## DATA RECORDS
---+---
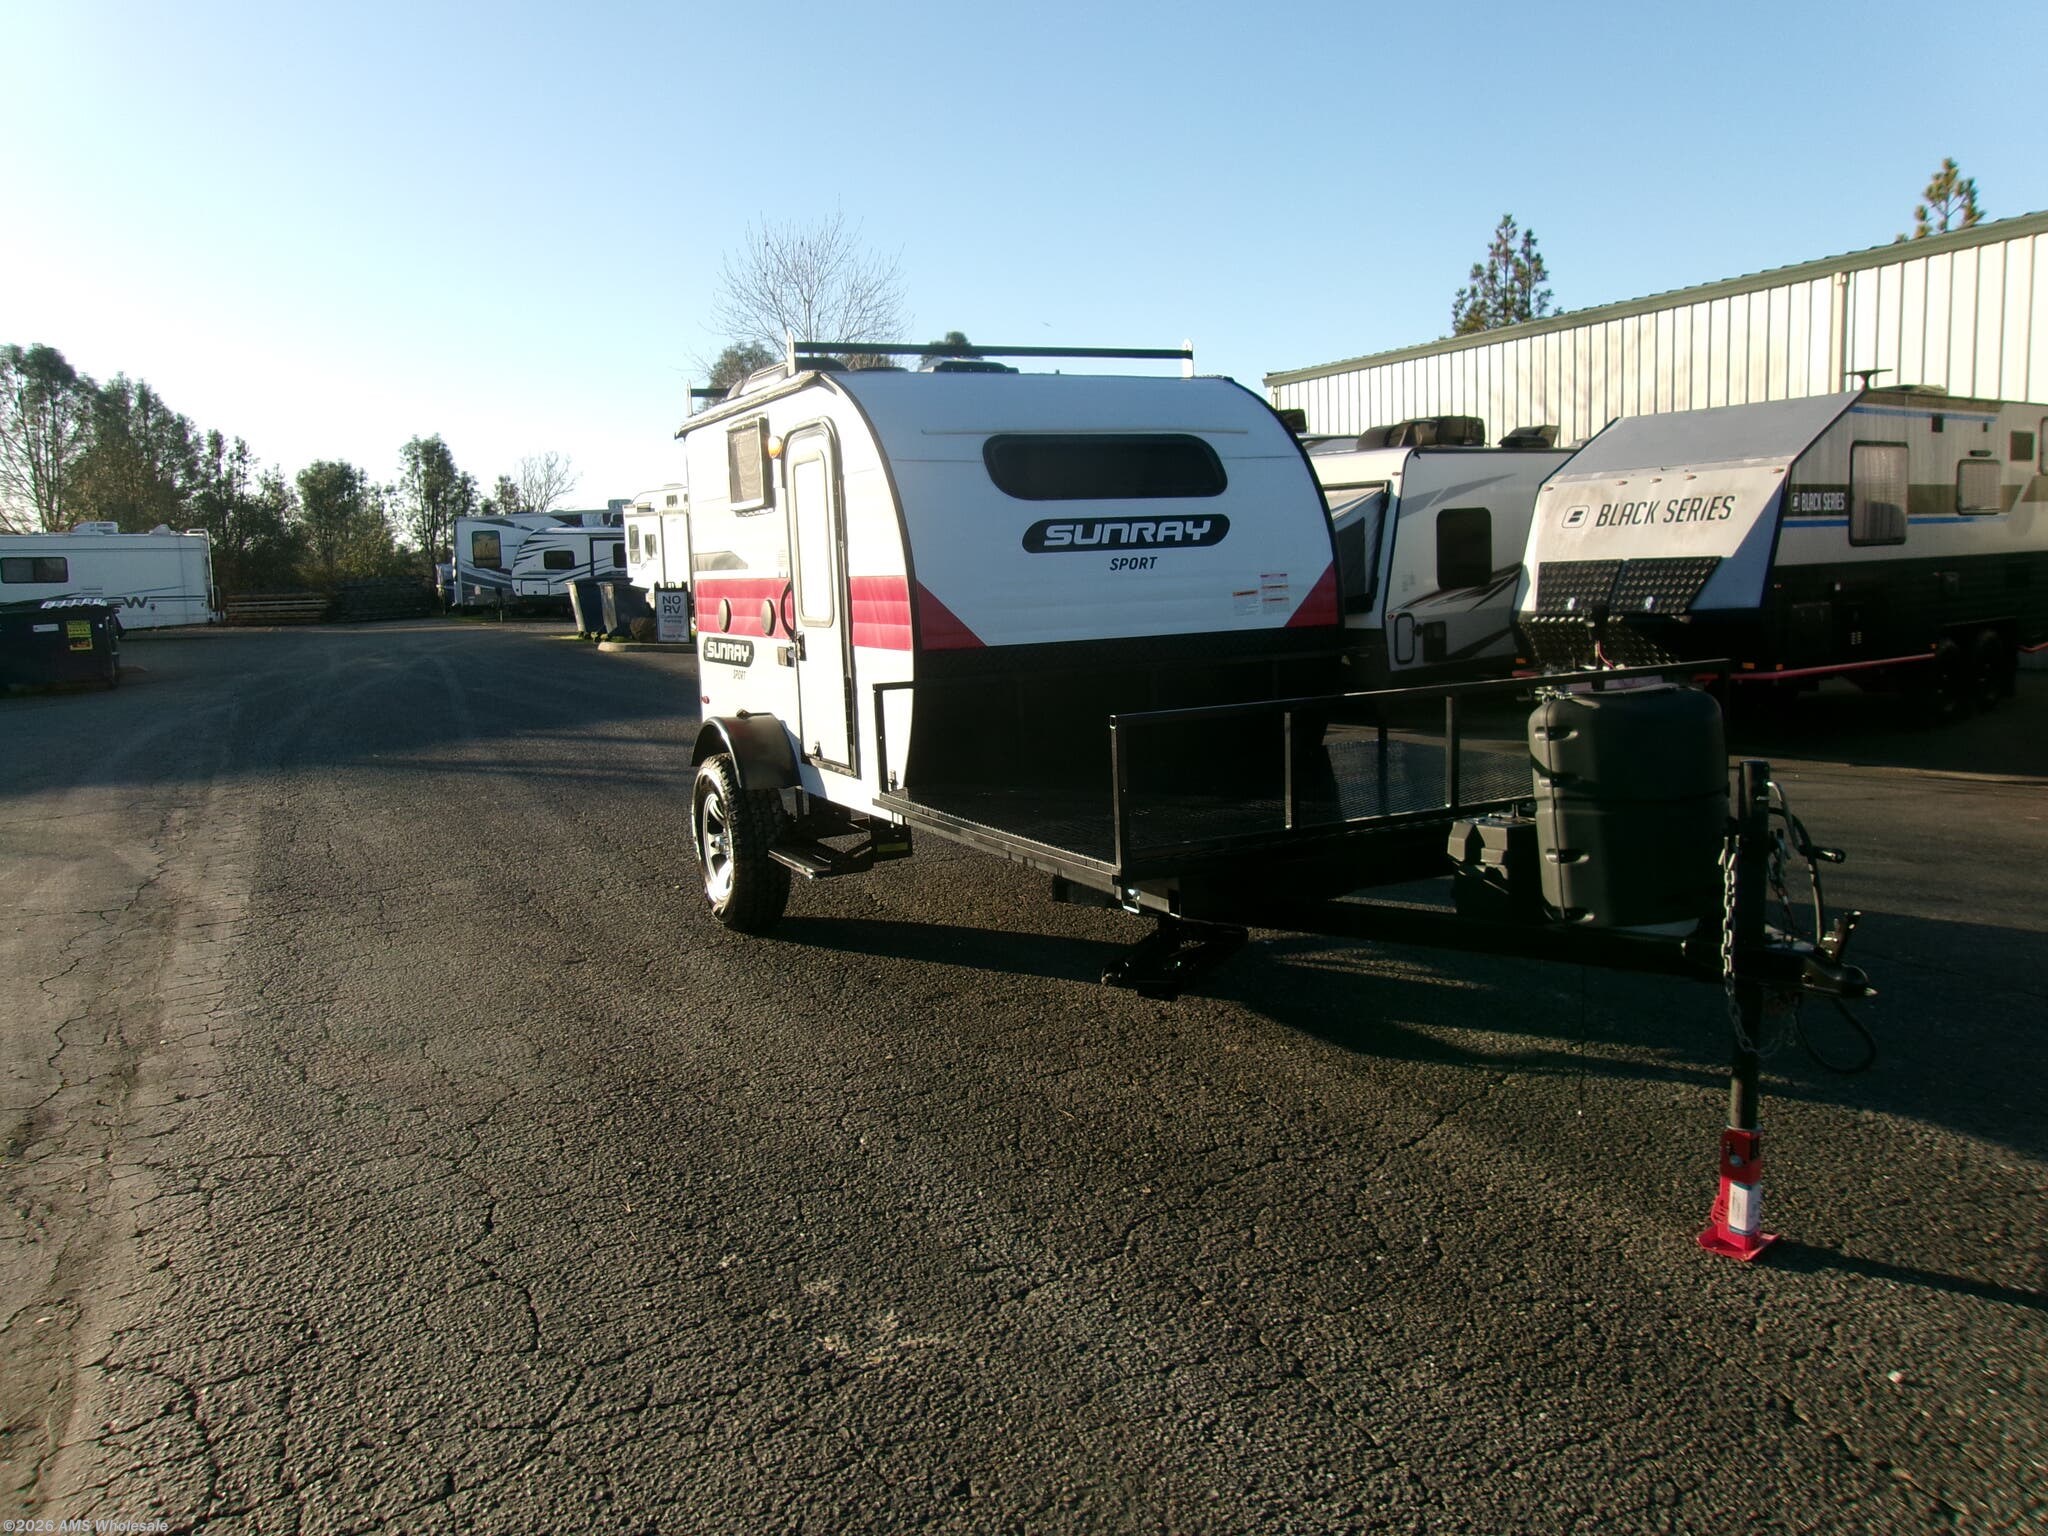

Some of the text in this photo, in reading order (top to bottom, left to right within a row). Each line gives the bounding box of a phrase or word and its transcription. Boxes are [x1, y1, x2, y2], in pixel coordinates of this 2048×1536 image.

[1595, 495, 1736, 527] BLACK SERIES
[1801, 492, 1845, 512] BLACK SERIES
[1043, 519, 1212, 546] SUNRAY
[1109, 556, 1158, 571] SPORT
[662, 595, 681, 605] NO
[663, 604, 681, 614] RV
[706, 641, 750, 662] SUNRAY
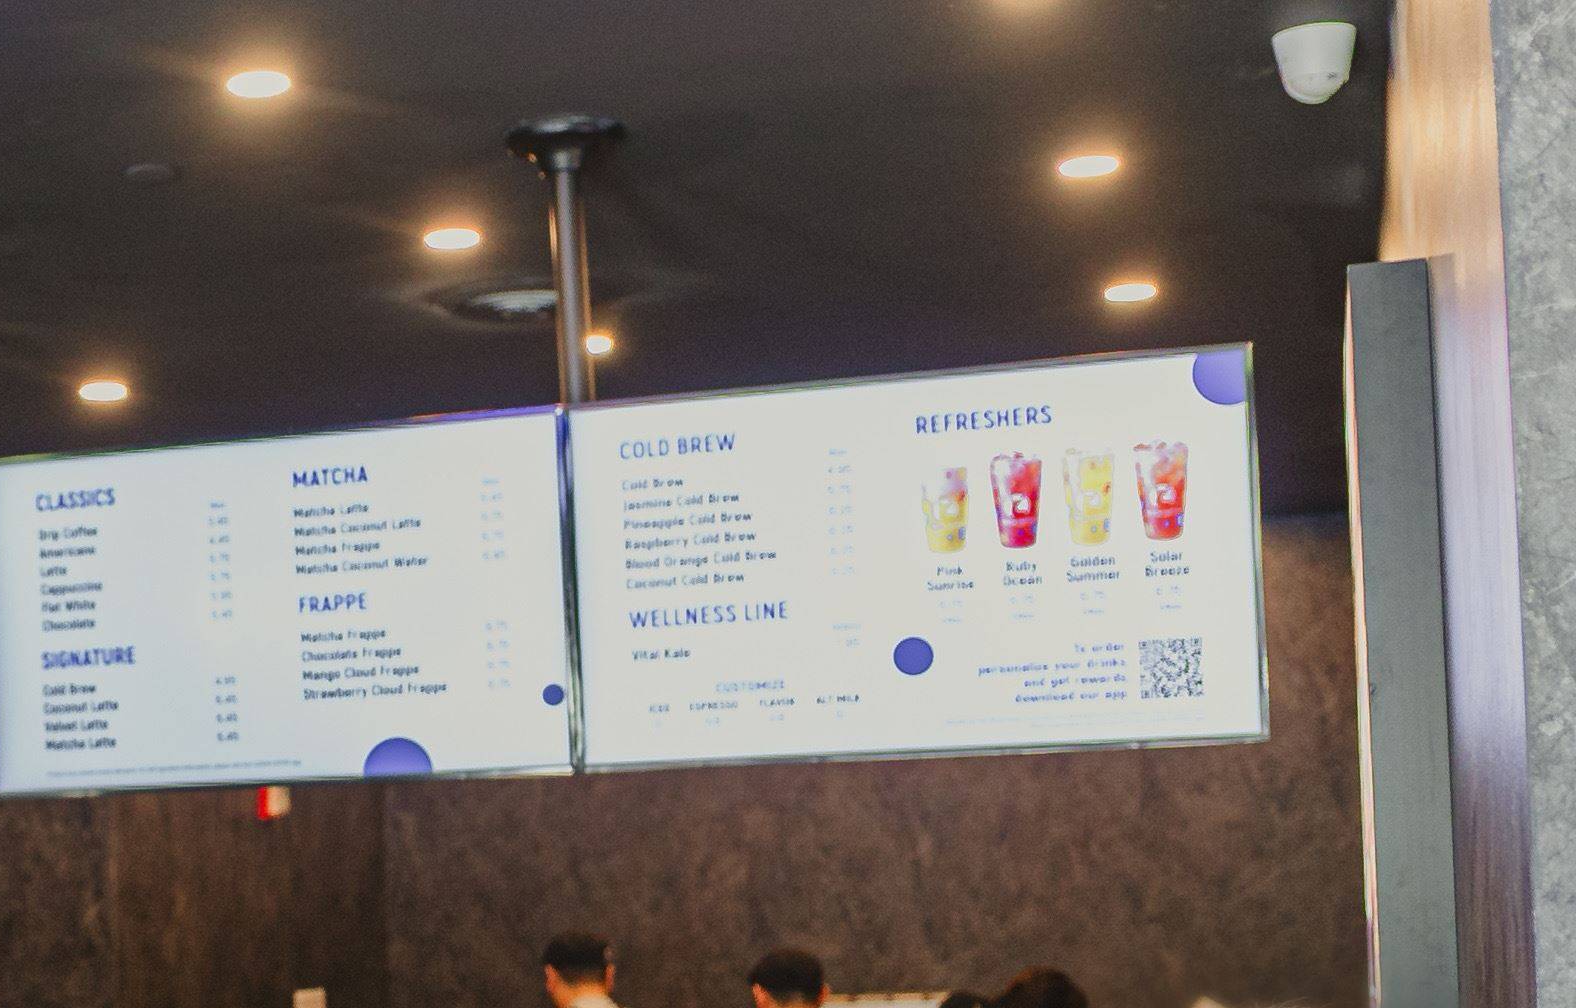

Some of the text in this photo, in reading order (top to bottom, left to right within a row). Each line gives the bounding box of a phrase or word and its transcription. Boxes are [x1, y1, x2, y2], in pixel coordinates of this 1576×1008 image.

[915, 405, 1052, 434] REFRESHERS
[619, 432, 736, 460] COLD BREW
[292, 465, 369, 488] MATCHA
[622, 477, 684, 491] Cold Brew
[35, 487, 115, 512] CLASSICS
[624, 493, 740, 511] Jasmine Cold Brew
[293, 504, 369, 518] Matcha Latte
[294, 518, 421, 537] Matcha Coconut Latte
[624, 512, 752, 530] Pineapple Cold Brew
[63, 526, 98, 539] Coffee
[295, 540, 380, 556] Matcha Frappe
[625, 532, 756, 550] Raspberry Cold Brew
[40, 546, 97, 559] Americano
[625, 550, 777, 570] Blood Orange Cold Brew
[1150, 551, 1184, 563] Solar
[296, 556, 427, 575] Matcha Coconut Water
[1006, 560, 1037, 574] Ruby
[1070, 556, 1116, 568] Golden
[40, 565, 67, 577] Latte
[936, 565, 963, 577] Pink
[1067, 570, 1120, 583] Summer
[1145, 565, 1190, 578] Breeze
[626, 572, 744, 590] Coconut Cold Brew
[927, 579, 974, 592] Sunrise
[1003, 574, 1043, 587] Ocean
[40, 582, 103, 596] Cappuccino
[65, 600, 96, 611] White
[299, 592, 367, 613] FRAPPE
[628, 600, 788, 629] WELLNESS LINE
[42, 619, 96, 632] Chocolate
[300, 628, 386, 643] Matcha Frappe
[42, 645, 136, 670] SIGNATURE
[302, 647, 401, 663] Chocolate Frappe
[631, 647, 691, 661] Vital Kale
[302, 665, 419, 683] Mango Cloud Frappe
[978, 662, 1048, 677] personalize
[1055, 661, 1080, 674] your
[42, 682, 96, 697] Cold Brew
[716, 679, 785, 692] CUSTOMIZE
[1024, 677, 1046, 688] and
[1052, 676, 1070, 690] get
[304, 682, 447, 700] Strawberry Cloud Frappe
[1015, 689, 1127, 703] download our app
[44, 700, 119, 715] Coconut Latte
[45, 718, 108, 733] Velvet Latte
[45, 737, 117, 751] Matcha Latte
---+---
## EXERCISE INSTRUCTIONS
Copy out the full material exactly. Pictures should not appear in it.

## ANSWER TO THIS PROBLEM
Some of the text in this photo, in reading order (top to bottom, left to right within a row). Each line gives the bounding box of a phrase or word and its transcription. Boxes are [x1, y1, x2, y2], in pixel coordinates of this 2048×1536 image.

[1595, 495, 1736, 527] BLACK SERIES
[1801, 492, 1845, 512] BLACK SERIES
[1043, 519, 1212, 546] SUNRAY
[1109, 556, 1158, 571] SPORT
[662, 595, 681, 605] NO
[663, 604, 681, 614] RV
[706, 641, 750, 662] SUNRAY

Some of the text in this photo, in reading order (top to bottom, left to right within a row). Each line gives the bounding box of a phrase or word and its transcription. Boxes are [x1, y1, x2, y2], in pixel coordinates of this 1576×1008 image.

[915, 405, 1052, 434] REFRESHERS
[619, 432, 736, 460] COLD BREW
[292, 465, 369, 488] MATCHA
[622, 477, 684, 491] Cold Brew
[35, 487, 115, 512] CLASSICS
[624, 493, 740, 511] Jasmine Cold Brew
[293, 504, 369, 518] Matcha Latte
[294, 518, 421, 537] Matcha Coconut Latte
[624, 512, 752, 530] Pineapple Cold Brew
[63, 526, 98, 539] Coffee
[295, 540, 380, 556] Matcha Frappe
[625, 532, 756, 550] Raspberry Cold Brew
[40, 546, 97, 559] Americano
[625, 550, 777, 570] Blood Orange Cold Brew
[1150, 551, 1184, 563] Solar
[296, 556, 427, 575] Matcha Coconut Water
[1006, 560, 1037, 574] Ruby
[1070, 556, 1116, 568] Golden
[40, 565, 67, 577] Latte
[936, 565, 963, 577] Pink
[1067, 570, 1120, 583] Summer
[1145, 565, 1190, 578] Breeze
[626, 572, 744, 590] Coconut Cold Brew
[927, 579, 974, 592] Sunrise
[1003, 574, 1043, 587] Ocean
[40, 582, 103, 596] Cappuccino
[65, 600, 96, 611] White
[299, 592, 367, 613] FRAPPE
[628, 600, 788, 629] WELLNESS LINE
[42, 619, 96, 632] Chocolate
[300, 628, 386, 643] Matcha Frappe
[42, 645, 136, 670] SIGNATURE
[302, 647, 401, 663] Chocolate Frappe
[631, 647, 691, 661] Vital Kale
[302, 665, 419, 683] Mango Cloud Frappe
[978, 662, 1048, 677] personalize
[1055, 661, 1080, 674] your
[42, 682, 96, 697] Cold Brew
[716, 679, 785, 692] CUSTOMIZE
[1024, 677, 1046, 688] and
[1052, 676, 1070, 690] get
[304, 682, 447, 700] Strawberry Cloud Frappe
[1015, 689, 1127, 703] download our app
[44, 700, 119, 715] Coconut Latte
[45, 718, 108, 733] Velvet Latte
[45, 737, 117, 751] Matcha Latte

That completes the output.